关 键 词:鼻咽癌  放疗  肉瘤  鼻内镜术

Nasal endoscopic surgery for radiation induced sarcoma of nasopharynx and skull base in five patients with nasopharyngeal carcinoma
WANG Xian-Bin,QIU Jian-Hui,ZHANG Shui-Xin,DAN Jian-Dong,CHEN Shao-Hu,SU Xiao-Me. Nasal endoscopic surgery for radiation induced sarcoma of nasopharynx and skull base in five patients with nasopharyngeal carcinoma[J]. Chinese Journal of Otorhinolaryngology-skull Base Surgery, 2014, 20(1): 11-16
Authors:WANG Xian-Bin  QIU Jian-Hui  ZHANG Shui-Xin  DAN Jian-Dong  CHEN Shao-Hu  SU Xiao-Me
Affiliation:( Graduate School of Southern Medical University, Guangzhou 510515 , China )
Abstract:Objective To investigate the feasibility of endoscopic surgery for radiation-induced sarcoma (RIS) in patients with nasopharyngeal carcinoma (NPC) and to analyze its clinical efficacy.

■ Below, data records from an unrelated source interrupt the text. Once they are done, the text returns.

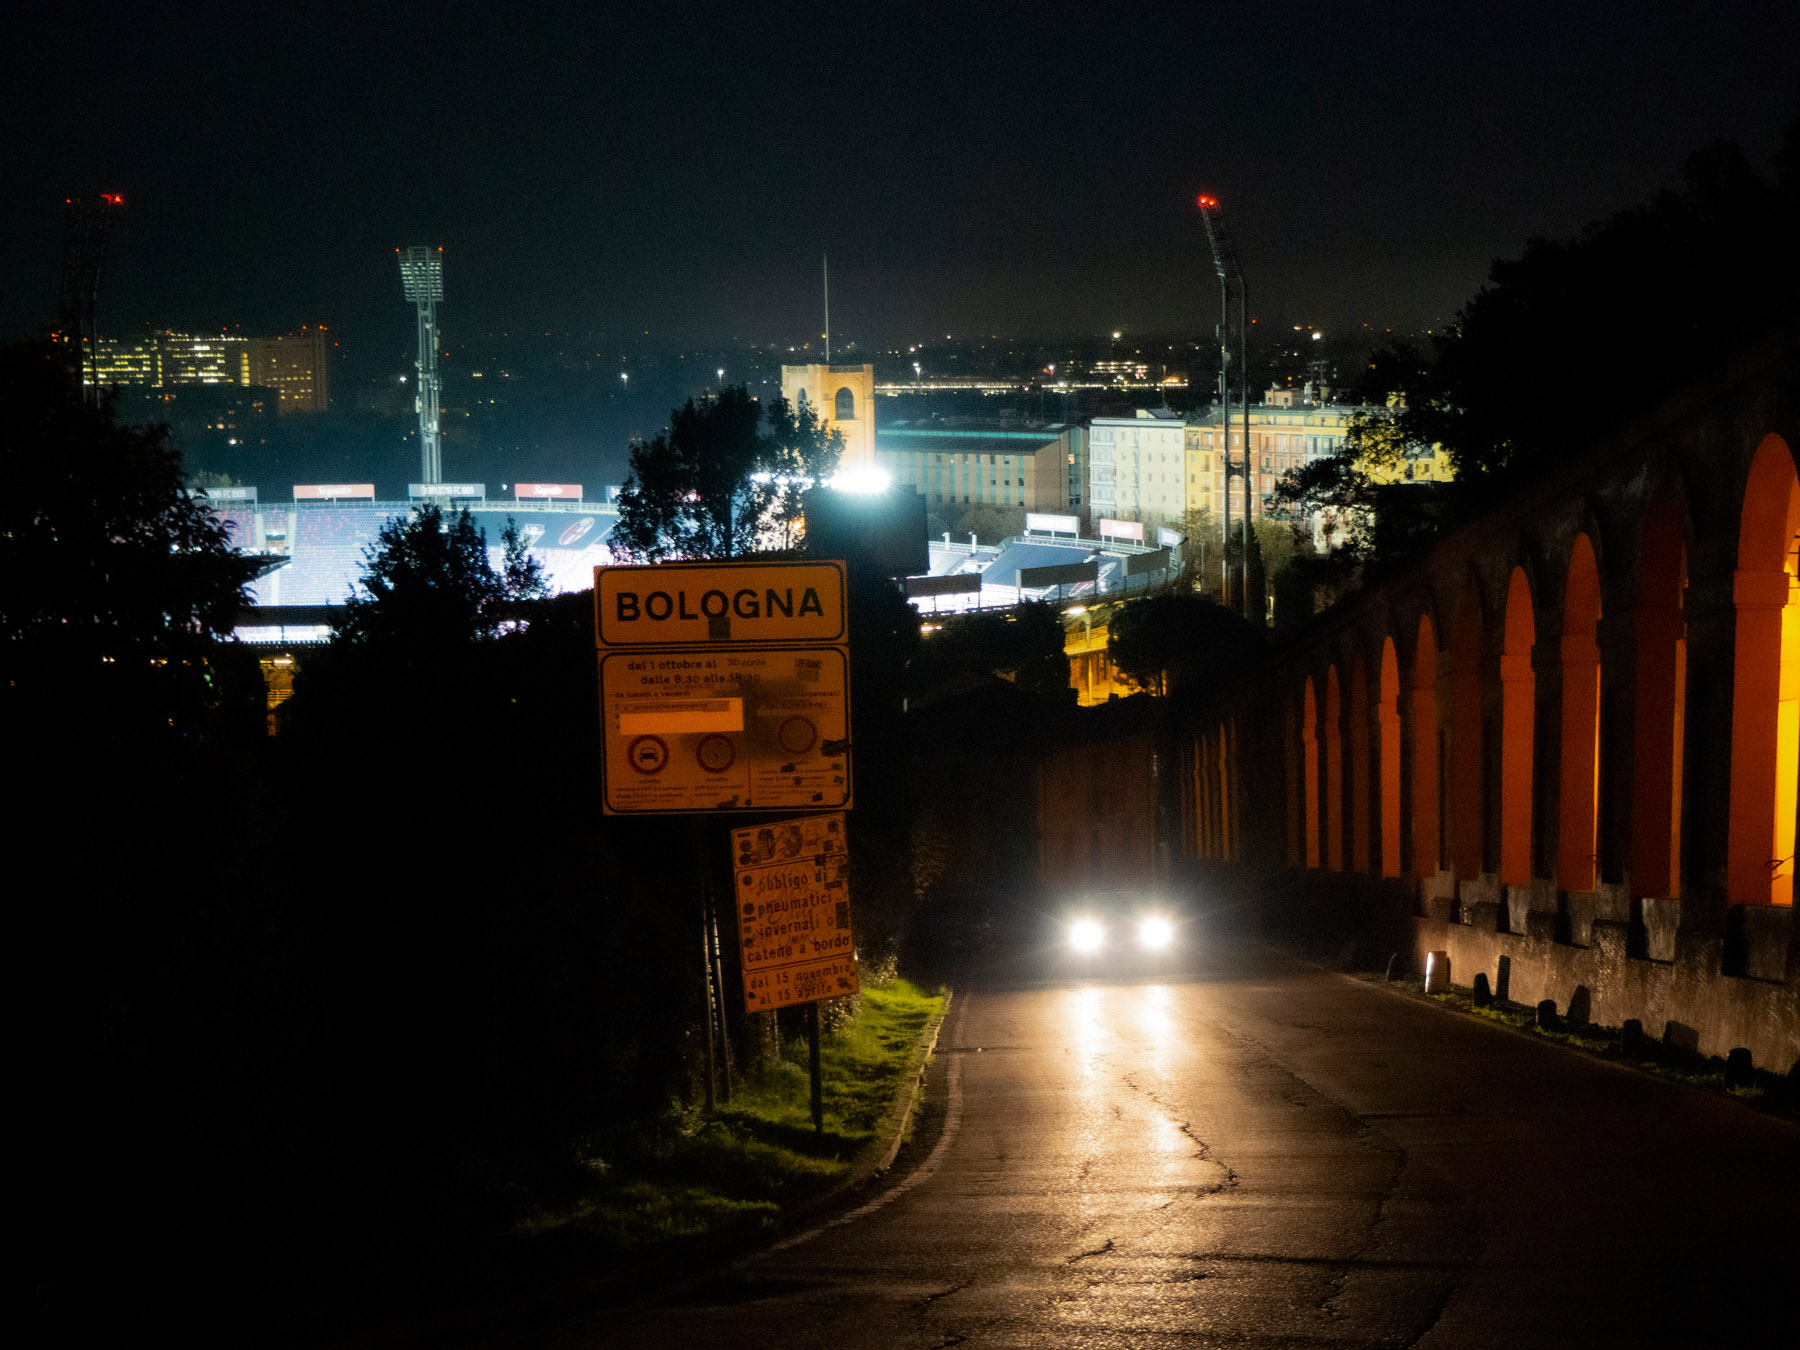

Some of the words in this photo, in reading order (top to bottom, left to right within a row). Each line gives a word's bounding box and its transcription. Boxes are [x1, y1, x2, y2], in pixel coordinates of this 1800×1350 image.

[616, 588, 824, 621] BOLOGNA
[627, 661, 646, 671] dal
[650, 661, 655, 670] 1
[658, 660, 702, 670] ottobre
[706, 659, 717, 669] al
[640, 674, 670, 685] dalle
[703, 673, 726, 684] alle
[758, 893, 833, 916] pneumatici
[747, 945, 793, 963] catene
[799, 943, 806, 954] a
[814, 935, 850, 952] bordo
[750, 974, 770, 989] dal
[776, 971, 788, 984] 15
[760, 990, 770, 1004] al
[778, 988, 790, 1001] 15
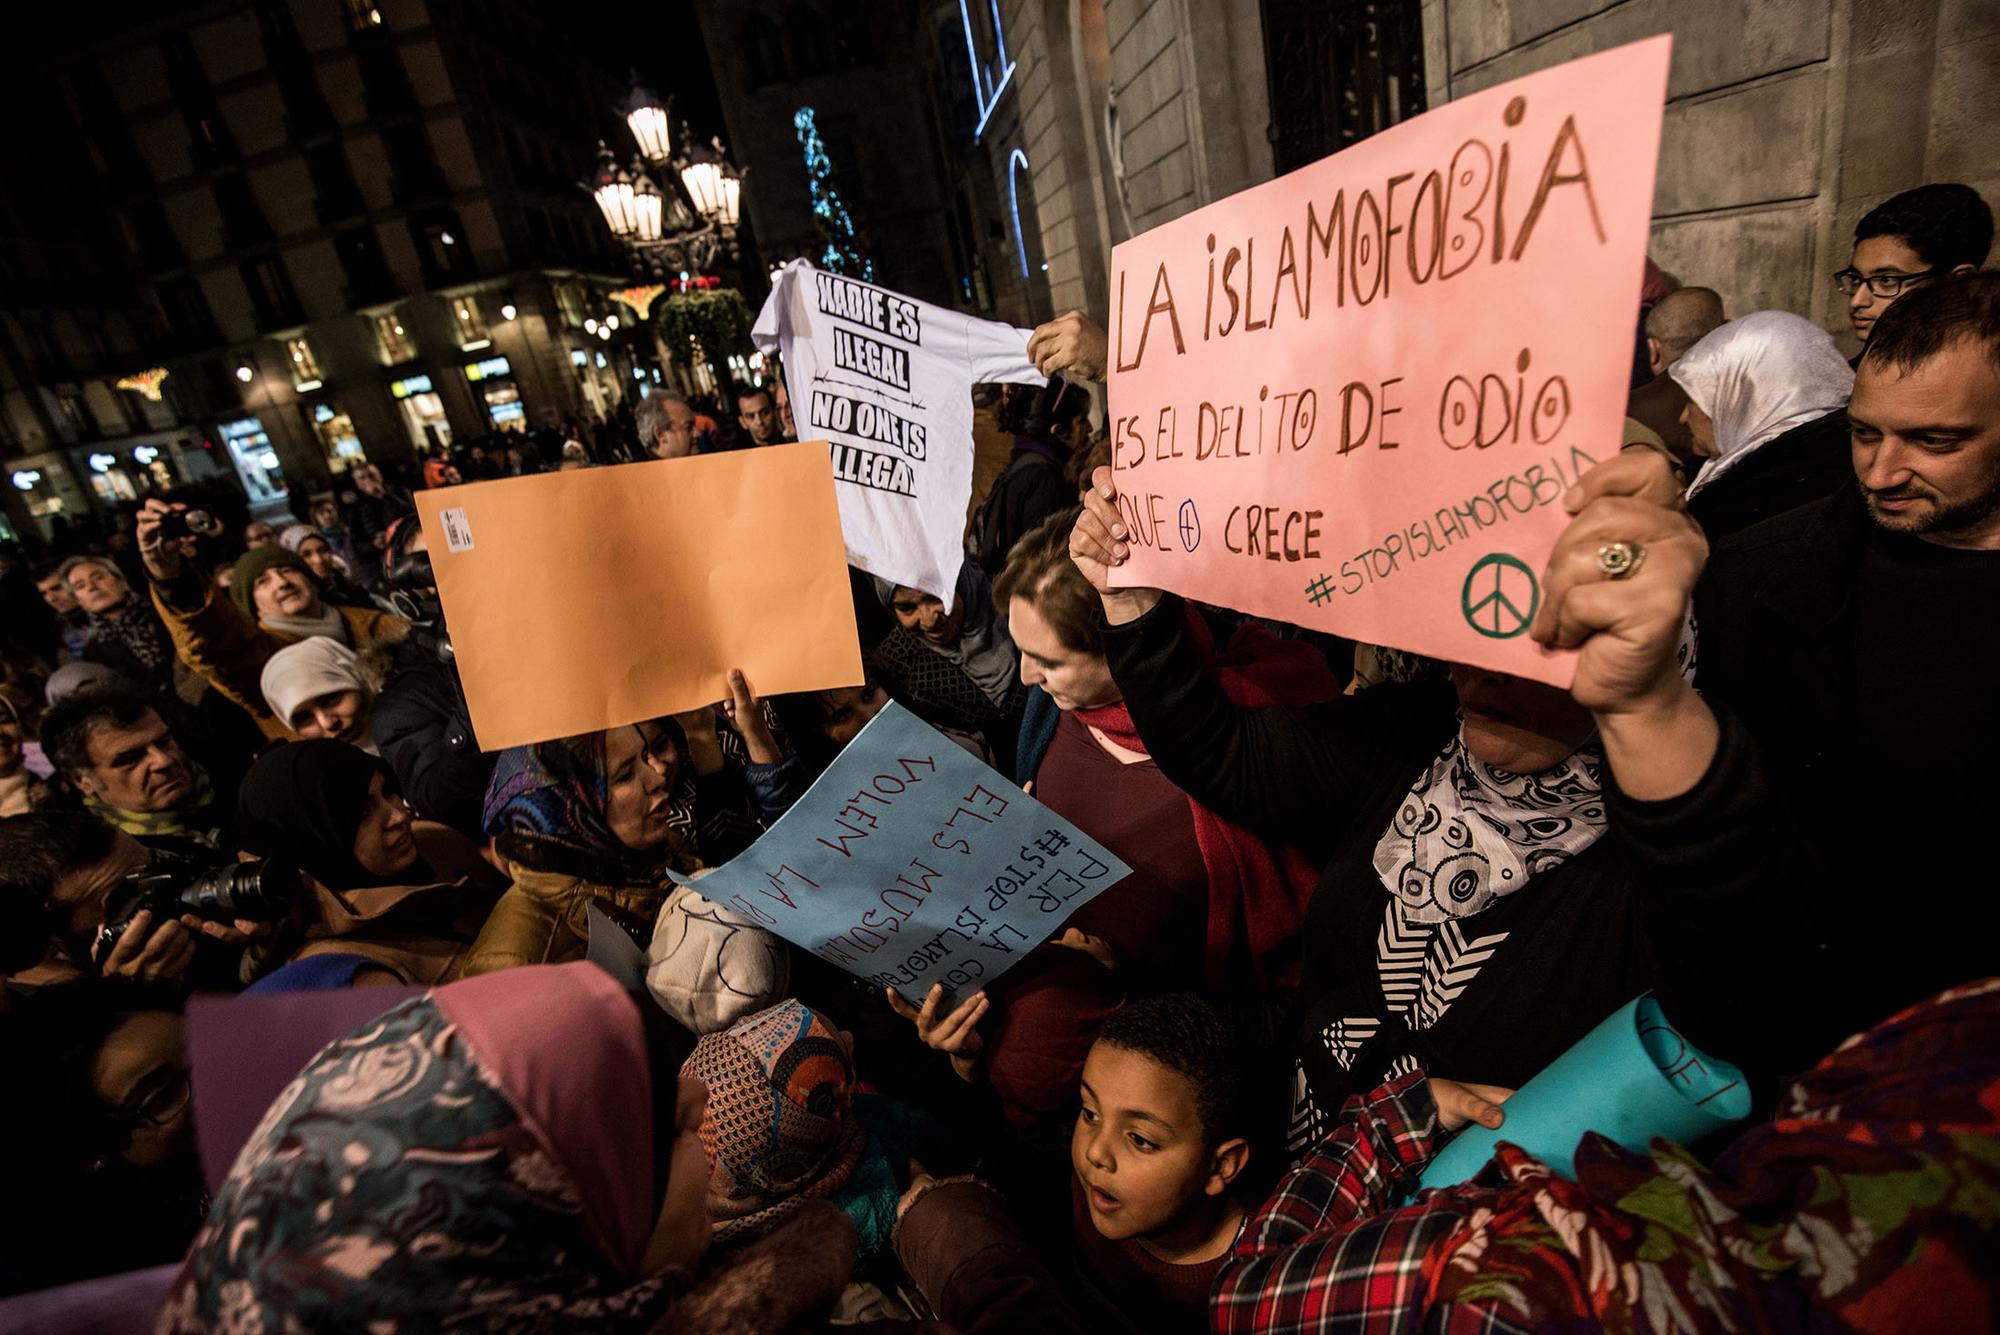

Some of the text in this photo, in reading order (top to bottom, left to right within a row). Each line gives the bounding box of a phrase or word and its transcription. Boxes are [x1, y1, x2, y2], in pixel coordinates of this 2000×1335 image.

[816, 273, 919, 343] NADIE ES
[1115, 261, 1186, 373] LA
[834, 329, 910, 390] ILEGAL
[812, 391, 926, 461] NO ONE IS
[1113, 347, 1572, 471] ES EL DELITO DE ODIO
[829, 442, 917, 497] LLEGA
[1118, 492, 1172, 552] QUE
[1224, 504, 1323, 562] CRECE
[816, 755, 936, 858] VOLEM
[931, 783, 1009, 856] ELS
[759, 863, 820, 910] LA
[1028, 848, 1110, 914] PER
[980, 924, 1029, 956] LA

Methods A retrospective analysis was made on five NPC cases with RIS of nasopharynx and skull base. Results All five patients received nasal endoscopic surgery under general anesthesia. Their related symptoms were improved postoperatively with no severe complications. Postoperative imaging showed residual tumor in 2 cases: one patient whose residual tumor involved the cavernous sinus died of intracranial invasion within 3 months ; the other one died of respiratory failure due to brain stem compression 16 months after surgery. As for the 3 cases with negative postoperative imaging, one refusing chemoradiotherapy accepted endoscopic surgery successively for 4 times, and finally died of important organ failure 9 months after surgery. The other one case accepted postoperative radiotherapy and chemotherapy died of brain invasion, and the other patient who received two courses of radical radiotherapy finally died of multiple organ failure induced by radiation encephalopathy 20 months after oporation. Conclusions RIS is a rare tumor with high malignancy and poor prognosis. For the patients with operation indications, surgical treatment should be the preferred method. Endoscopic surgery combined with postoperative chemo-radiotherapy may improve the prognosis.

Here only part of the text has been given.